Some scattered notes on asyncio:

gpt, thanks for all the discussions, code snippets, and for polishing this.

Task scheduling & awaiting

import asyncio

async def work():
    await asyncio.sleep(0.1)
    return 42

async def main():
    t = asyncio.create_task(work())  # starts promptly
    # ... do other work ...
    res = await t                    # join, get exceptions/result
    print(res)

asyncio.run(main())

asyncio.Queue vs queue.Queue

# asyncio (non-blocking thread)
import asyncio
async def consumer(q): item = await q.get()

# threading (blocks thread)
import queue
q = queue.Queue()
def consumer_thread(): item = q.get()

Why await q.put(x)

import asyncio
q = asyncio.Queue(maxsize=1)

async def prod():
    await q.put(0)
    print("P: waiting for space")
    await q.put(1)            # waits here until a get() frees space
    print("P: resumed")

async def cons():
    await asyncio.sleep(0.1)
    _ = await q.get()

async def main():
    await asyncio.gather(prod(), cons())

asyncio.run(main())

Graceful cancellation:

Rule: cancel, then await the task so its cleanup runs and the exception is observed.

import asyncio

async def worker():
    try:
        print("worker: start")
        await asyncio.sleep(10)          # cancellation lands here
        print("worker: done")            # not reached if cancelled
    except asyncio.CancelledError:
        print("worker: cleanup")
        raise                            # re-raise so caller sees cancellation

async def main():
    task = asyncio.create_task(worker())
    await asyncio.sleep(0.1)             # let it start
    task.cancel()                        # request cancellation
    try:
        await task                       # join -> runs cleanup, then raises here
    except asyncio.CancelledError:
        print("main: saw cancellation")

asyncio.run(main())

CPU loops need explicit cancellation points

Cancellation is cooperative. Add await asyncio.sleep(0) (or another await) in long loops.

import asyncio

async def tight_loop_no_yield():
    for _ in range(50_000_000):
        pass  # no await -> cannot be cancelled until loop ends

async def tight_loop_with_yield():
    for i in range(50_000_000):
        if i % 1_000_000 == 0:
            await asyncio.sleep(0)  # cancellation point

Cancellation behaviors compared

import asyncio

# A) Catch + re-raise  -> caller sees cancellation (recommended for custom cleanup)
async def w_reraise():
    try:
        await asyncio.sleep(10)
    except asyncio.CancelledError:
        print("cleanup A")
        raise                      # keep cancellation visible

# B) Catch + swallow   -> caller thinks success (only if intentional)
async def w_swallow():
    try:
        await asyncio.sleep(10)
    except asyncio.CancelledError:
        print("cleanup B (swallowed)")
        return "ok"                # hides cancellation

# C) No except         -> finally still runs; cancellation propagates
async def w_noexcept():
    try:
        await asyncio.sleep(10)
    finally:
        print("cleanup C (finally)")

async def demo(worker):
    task = asyncio.create_task(worker())
    await asyncio.sleep(0.05)
    task.cancel()
    try:
        print("awaiting task...")
        r = await task
        print("result:", r)
    except asyncio.CancelledError:
        print("caller: saw cancellation")

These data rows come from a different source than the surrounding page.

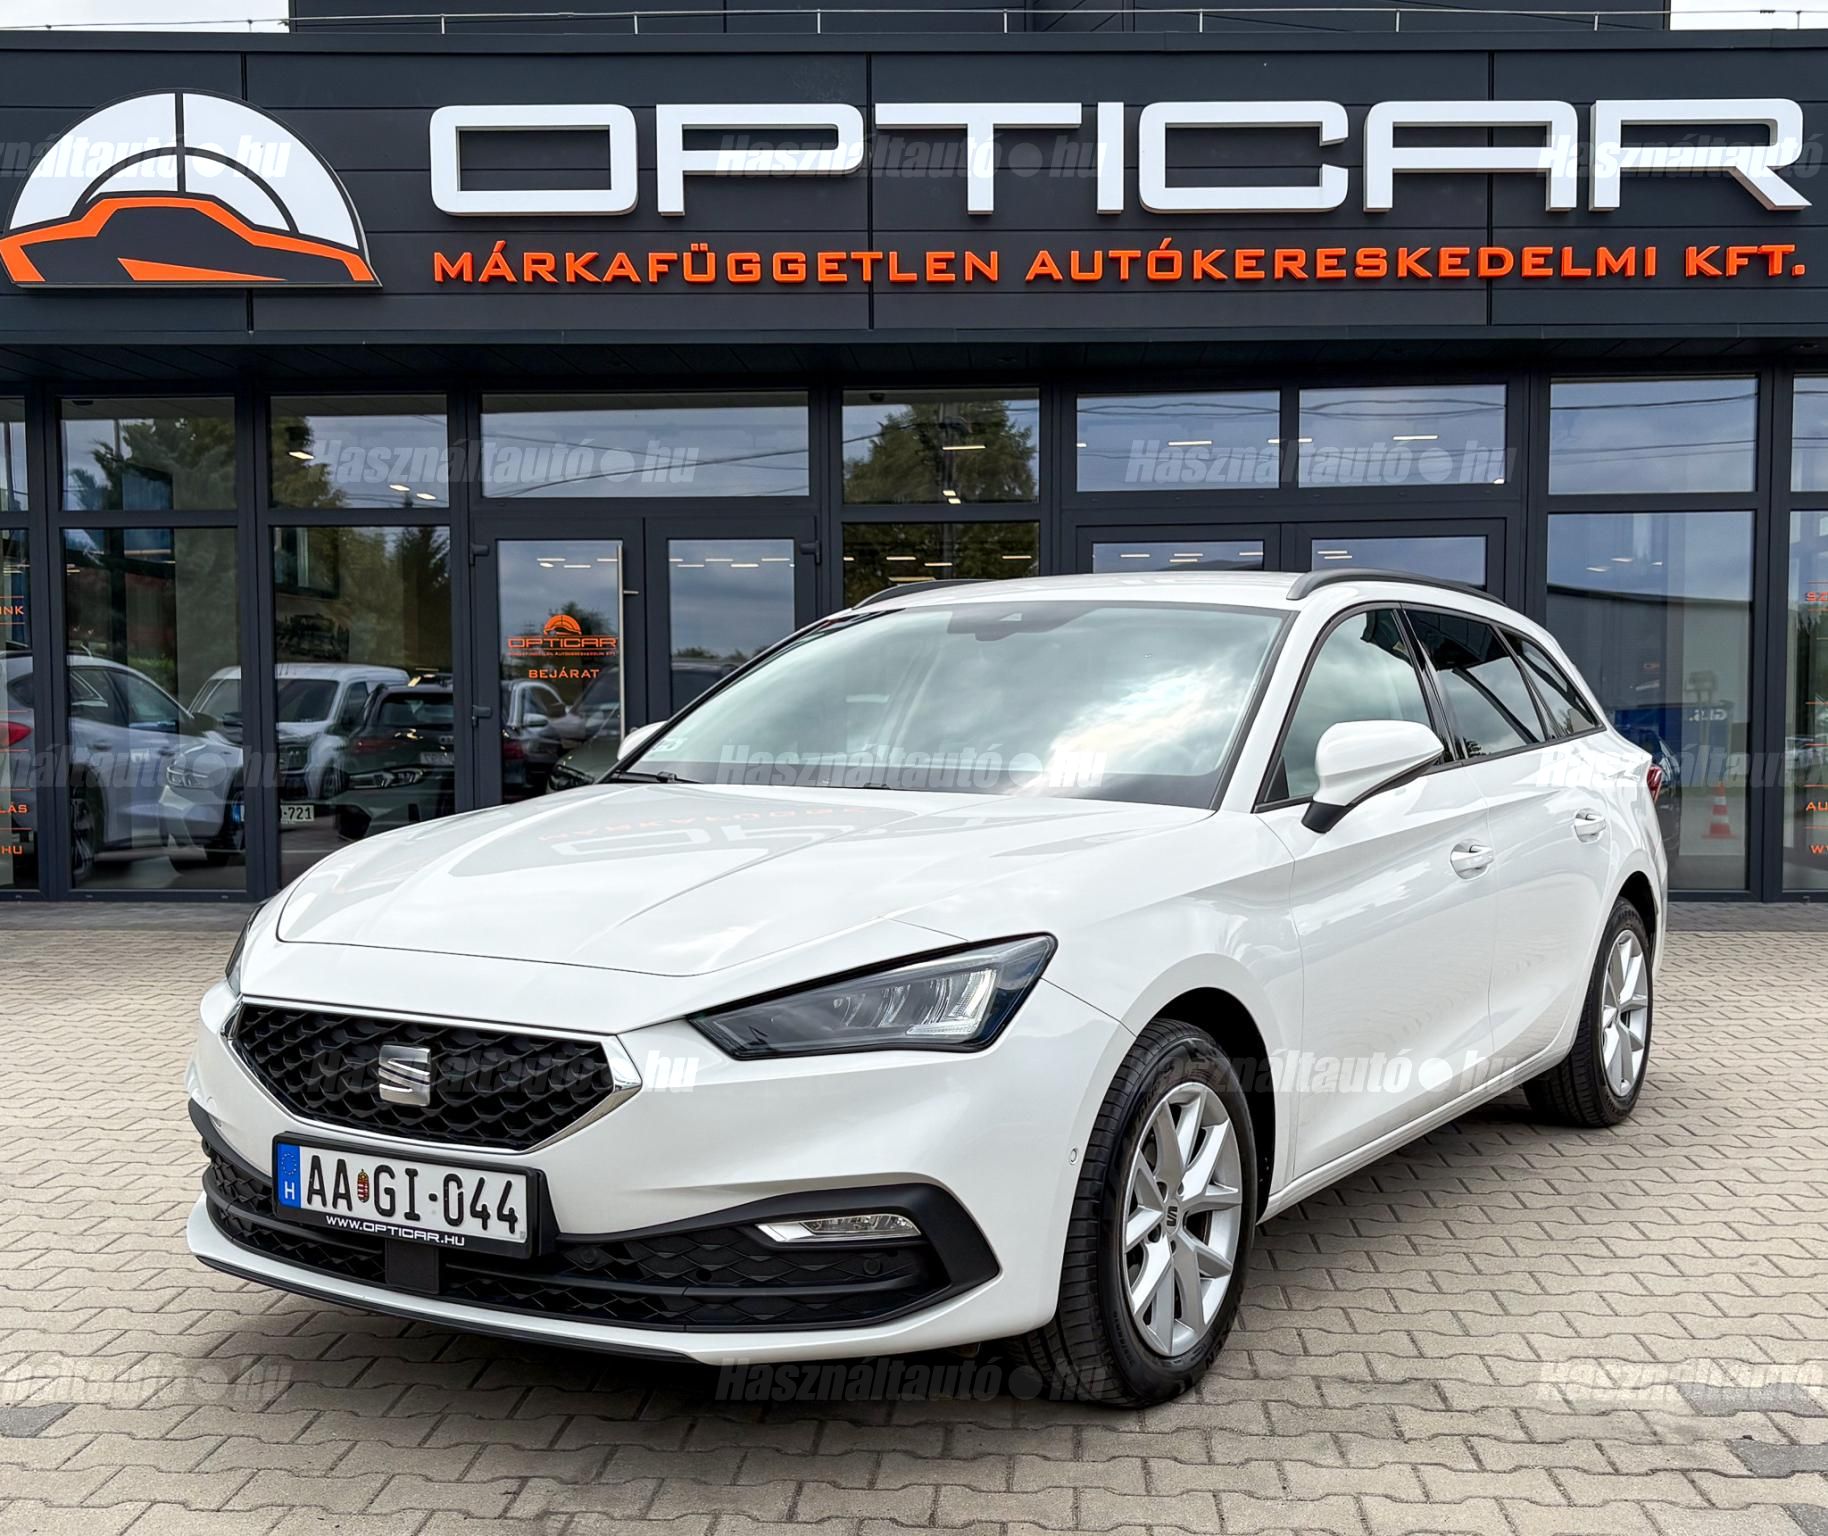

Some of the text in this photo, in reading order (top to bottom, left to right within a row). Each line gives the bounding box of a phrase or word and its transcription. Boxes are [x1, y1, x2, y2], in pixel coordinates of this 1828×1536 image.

[429, 98, 1812, 217] OPTICAR
[433, 237, 1807, 286] MÁRKAFÜGGETLEN AUTÓKERESKEDELMI KFT.
[508, 637, 617, 649] OPTICAR
[528, 666, 600, 679] BEJÁRAT
[284, 1180, 296, 1200] H
[325, 1214, 466, 1247] WWW.OPTICAR.HU
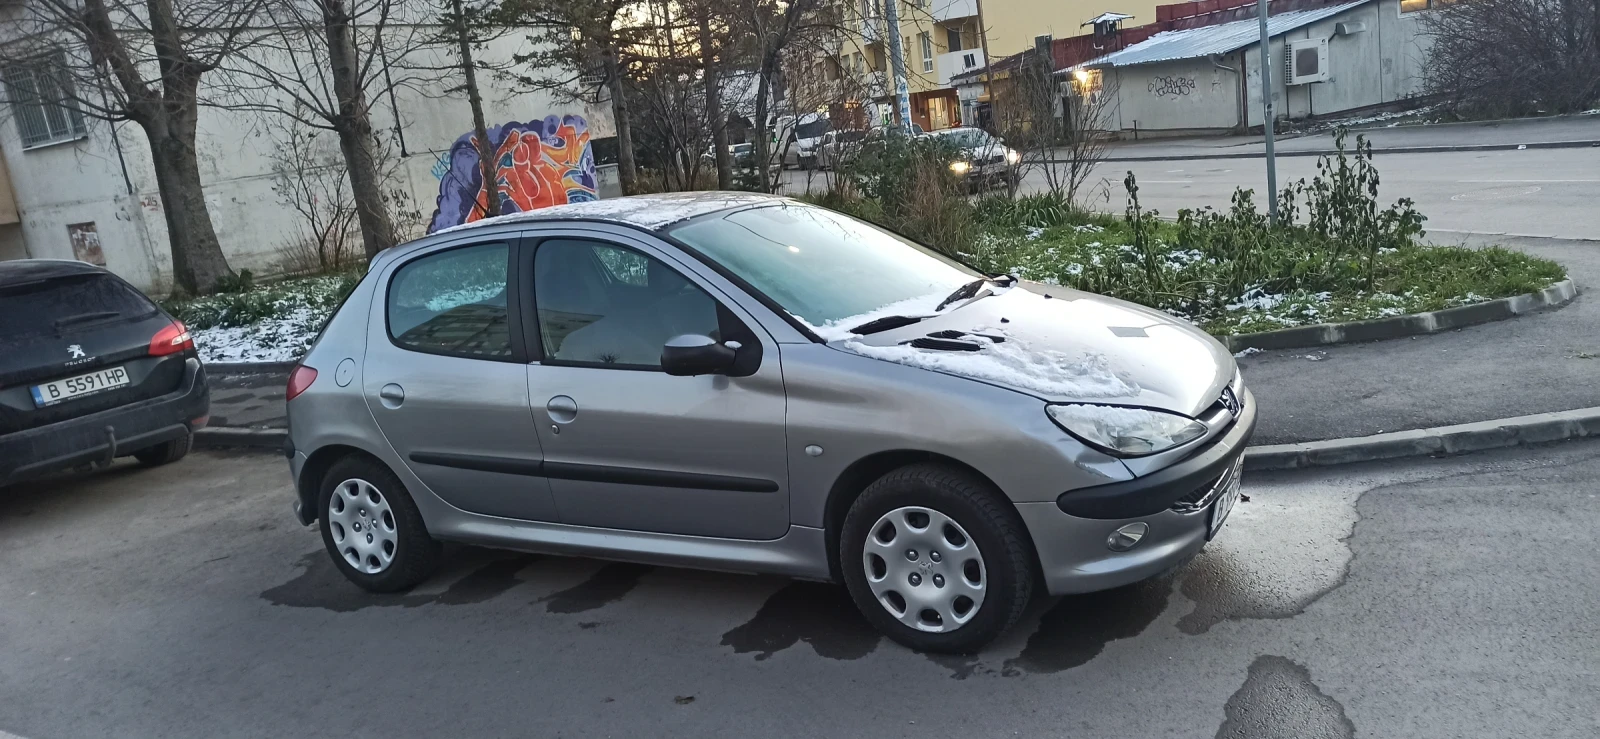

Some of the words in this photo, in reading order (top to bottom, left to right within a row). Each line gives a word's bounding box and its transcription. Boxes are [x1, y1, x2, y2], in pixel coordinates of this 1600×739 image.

[47, 383, 61, 399] B
[65, 373, 104, 394] 5591
[104, 368, 125, 385] HP

asyncio.run(demo(w_reraise))   # raises -> caller sees cancellation
asyncio.run(demo(w_swallow))   # prints "result: ok" (cancellation hidden)
asyncio.run(demo(w_noexcept))  # raises -> caller sees cancellation

asyncio.gather (ordering & failures)

import asyncio
async def slow(t): await asyncio.sleep(t); return t
async def main():
    res = await asyncio.gather(slow(0.2), slow(0.05), slow(0.1))
    print(res)  # [0.2, 0.05, 0.1] — argument order
asyncio.run(main())

Refs to explore: sglang, vLLM, and Aleph Alpha repos use these patterns (queues, tasks, cancellation) in inference services.